[DATASET RECORDS]

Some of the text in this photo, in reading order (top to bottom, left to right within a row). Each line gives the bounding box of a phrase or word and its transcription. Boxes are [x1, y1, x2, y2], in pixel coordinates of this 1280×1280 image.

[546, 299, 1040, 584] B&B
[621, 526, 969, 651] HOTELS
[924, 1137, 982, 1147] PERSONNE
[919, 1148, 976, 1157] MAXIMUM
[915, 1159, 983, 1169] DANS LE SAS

[/DATASET RECORDS]

▸ **YOUR OBJECTIVE**: Word for word, return the entire listing above.

▸ **ANSWER TO THIS PROBLEM**:
Some of the text in this photo, in reading order (top to bottom, left to right within a row). Each line gives the bounding box of a phrase or word and its transcription. Boxes are [x1, y1, x2, y2], in pixel coordinates of this 1280×1280 image.

[546, 299, 1040, 584] B&B
[621, 526, 969, 651] HOTELS
[924, 1137, 982, 1147] PERSONNE
[919, 1148, 976, 1157] MAXIMUM
[915, 1159, 983, 1169] DANS LE SAS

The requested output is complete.